Fortunately, it’s possible to find wisdom for work without abandoning your responsibilities, even in the midst of whatever chaos confronts you right now:
First and always, breathe deeply and with awareness.
Under stress, it’s easy to repress your breath. When your breathing is shallow, your energy level, your mental alertness and your confidence all drop. Conversely, when you breathe deeply, you become more alive. As you breathe consciously, you naturally trade concerns about the past and future for awareness of the present.
The connection between breath and vitality is honored in most of the world’s religions. The Hindu physical yoga tradition teaches many different breathing exercises to increase physical and spiritual alertness. The ancient Greek word “pneuma” and the Latin “spiritus” both can be translated as breath or spirit. Throughout the Hebrew Bible are verses reminding us that without breath or spirit, we are dead; with it, we come alive.
Challenge the “dragons” that inhibit good work and life.
It’s as if the business and professional world is under the spell of two wisdom-and energy-draining dragons. The fire-breathing one’s message is “Hurry up! There’s always more to be done.” The one with the paralyzing breath warns, “Be careful! Everything you do could be wrong.”
There’s only one way to handle the dragons. Face them, and admit the truth of what they say. There is always more we can do, and everything we do could be wrong. But when we accept this reality of human existence and commit to doing our best, we can tap our wisest, most efficient self.
Challenge all your beliefs about work and discern which tasks are essential and which are not.
Underlying a workaholic schedule may be based on repressed longings to feel appreciated or important. Much potentially productive time is wasted complaining about how overworked we are, or bragging about how hard we work.
In an effort to demonstrate loyalty to his firm, a senior partner said he had missed the births of all four of his children. Upon hearing that, another partner could no longer ignore the gnawing career dissatisfaction that until then she had kept at bay by being busy. Not long afterward, she found work that allowed her to have a satisfying life while she made a satisfying living.
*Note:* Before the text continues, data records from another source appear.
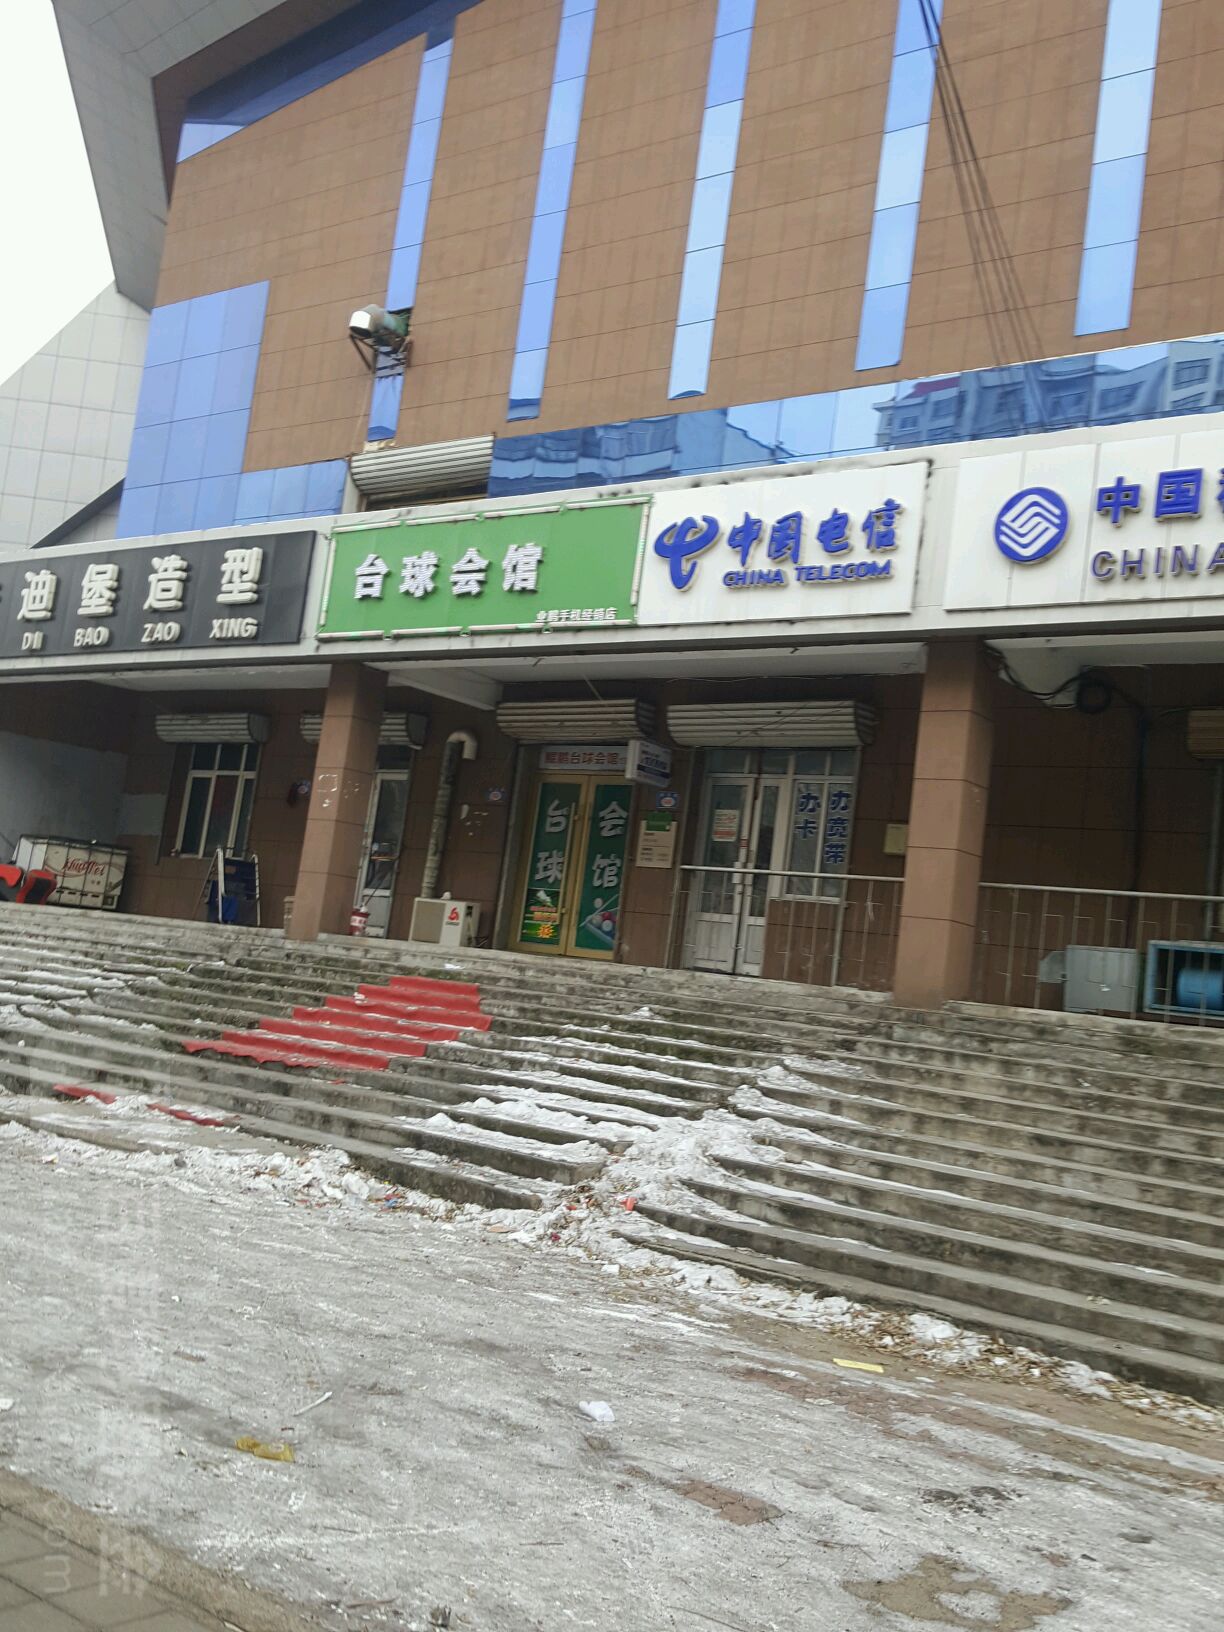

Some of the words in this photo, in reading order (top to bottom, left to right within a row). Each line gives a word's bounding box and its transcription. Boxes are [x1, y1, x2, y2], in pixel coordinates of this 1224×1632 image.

[1096, 467, 1224, 524] 中国
[727, 498, 901, 567] 中国电信
[1091, 543, 1224, 579] CHINA
[17, 547, 263, 621] 迪堡造型
[354, 542, 544, 600] 台球会馆
[722, 568, 787, 589] CHINA
[795, 559, 894, 583] TELECOM
[22, 631, 44, 650] DI
[73, 626, 110, 648] BAO
[141, 621, 181, 643] ZAO
[209, 617, 258, 640] XING
[535, 799, 569, 883] 台球
[592, 801, 628, 888] 会馆
[795, 792, 820, 839] 办卡
[824, 790, 852, 864] 办宽带
How can you make your work and life more satisfying?
This article was originally published in the “Law Practice Management Newsletter,” American Bar Association. It is adapted from two of Pat Sullivan’s 26 “Vision and Values” columns for the San Francisco Chronicle (formerly the combined Sunday publication of the Chronicle and Examiner). Pat often speaks to professionals and companies about less stressful, more efficient and more meaningful work. Reach Pat at firstname.lastname@example.org, 510-530-0284. Contact Pat for permission to publish this article in its entirety.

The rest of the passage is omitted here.